Reproduce the complete set of records exactly. No picture is to appear in the copy.

[Start of section]

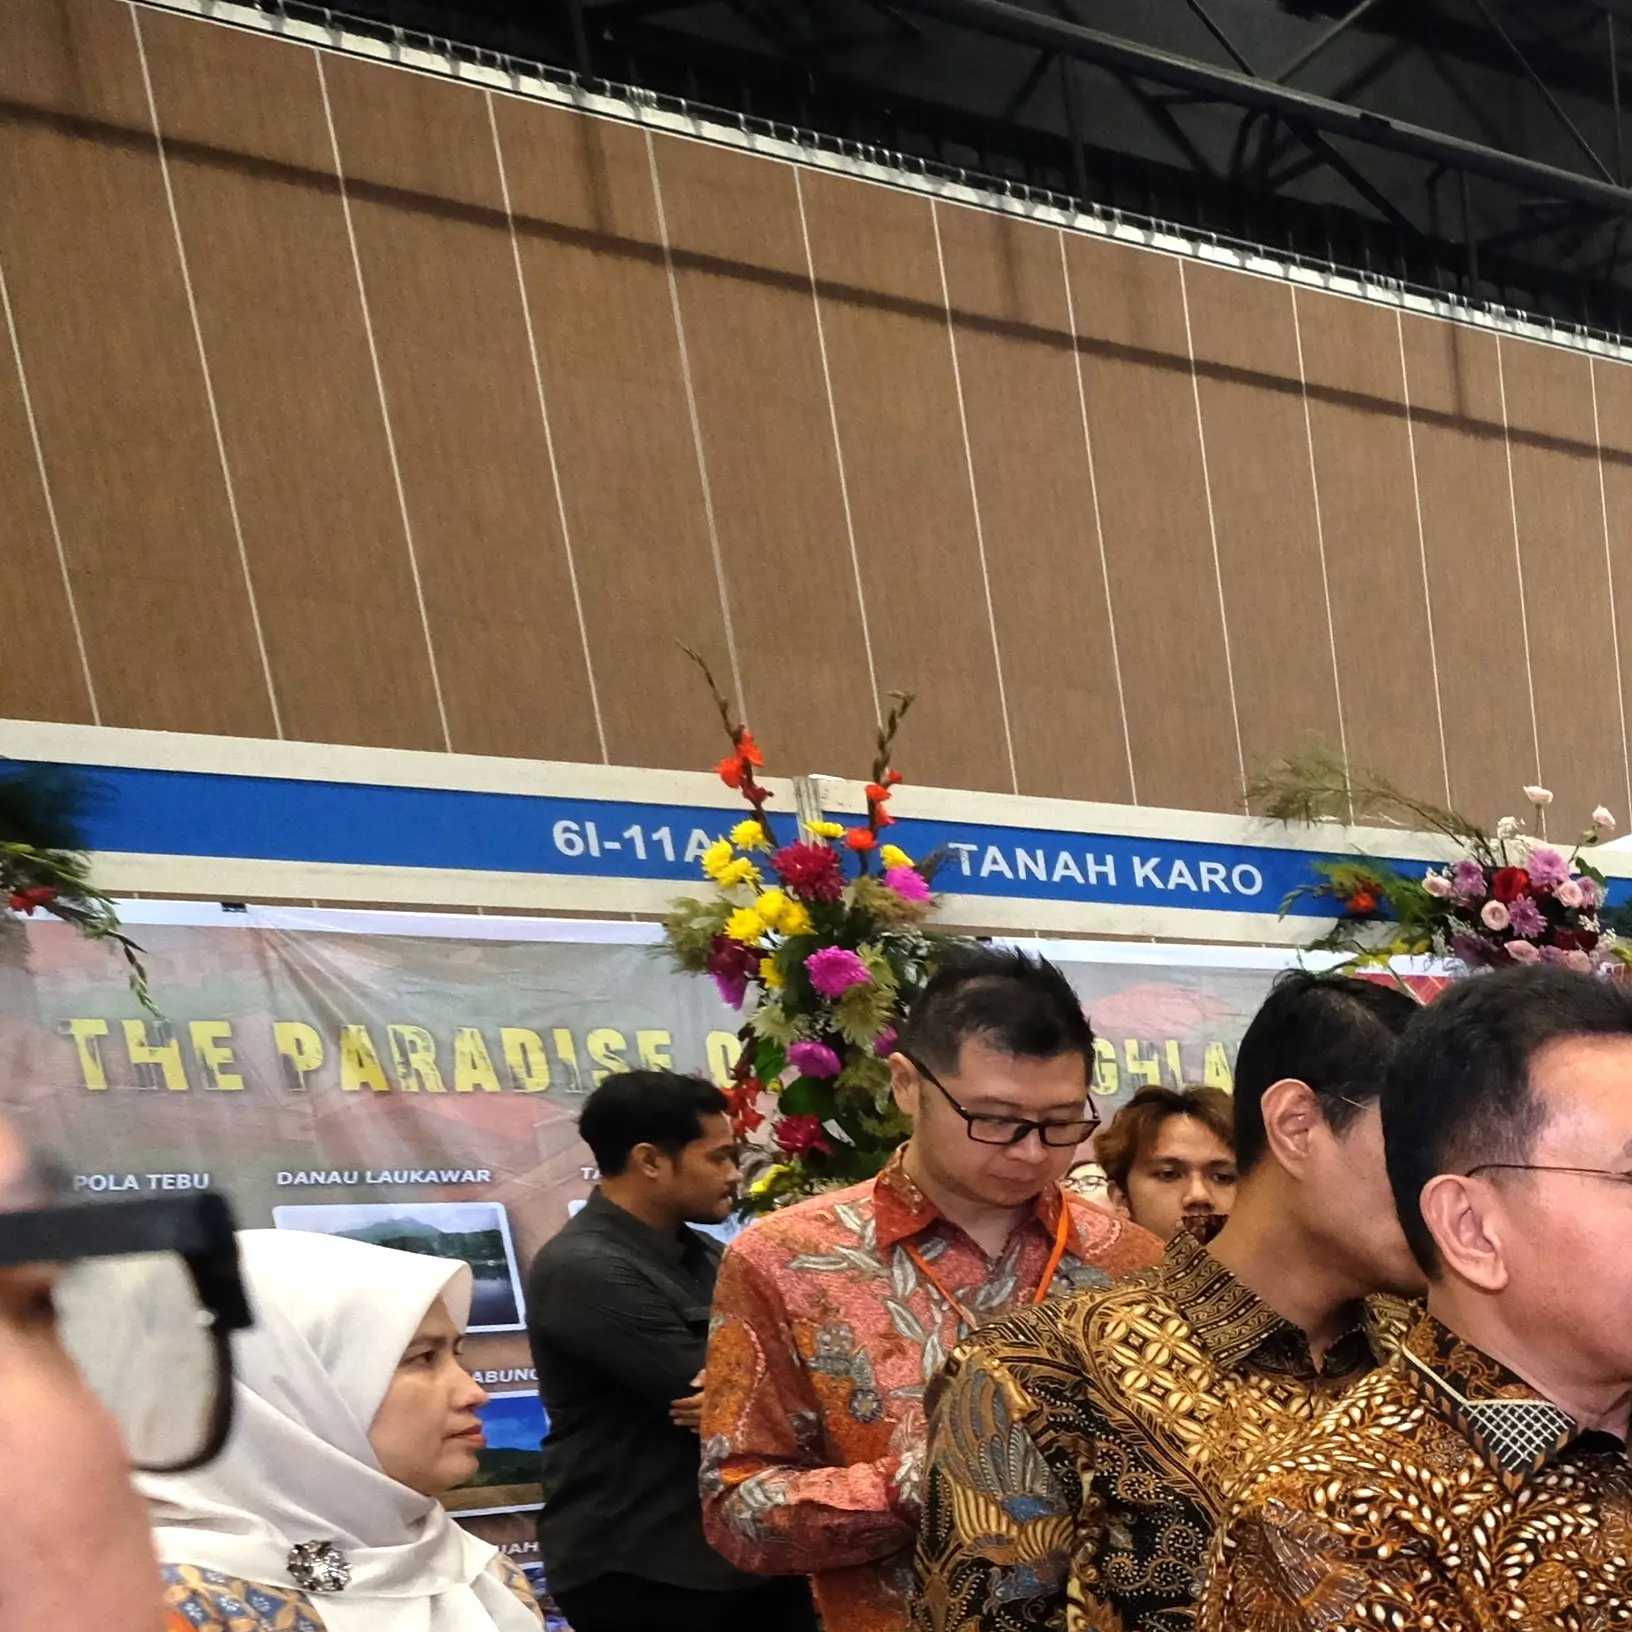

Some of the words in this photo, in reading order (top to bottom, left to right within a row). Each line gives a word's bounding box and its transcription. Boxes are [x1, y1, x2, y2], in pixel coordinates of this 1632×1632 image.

[553, 819, 712, 863] 6I-11A
[947, 842, 1118, 887] TANAH
[1132, 856, 1264, 896] KARO
[57, 1018, 245, 1091] THE
[273, 1021, 673, 1094] PARADISE
[74, 1174, 140, 1192] POLA
[147, 1173, 209, 1191] TEBU
[276, 1170, 360, 1186] DANAU
[365, 1168, 491, 1185] LAUKAWAR

[End of section]

Solution ::
Some of the words in this photo, in reading order (top to bottom, left to right within a row). Each line gives a word's bounding box and its transcription. Boxes are [x1, y1, x2, y2], in pixel coordinates of this 1632×1632 image.

[553, 819, 712, 863] 6I-11A
[947, 842, 1118, 887] TANAH
[1132, 856, 1264, 896] KARO
[57, 1018, 245, 1091] THE
[273, 1021, 673, 1094] PARADISE
[74, 1174, 140, 1192] POLA
[147, 1173, 209, 1191] TEBU
[276, 1170, 360, 1186] DANAU
[365, 1168, 491, 1185] LAUKAWAR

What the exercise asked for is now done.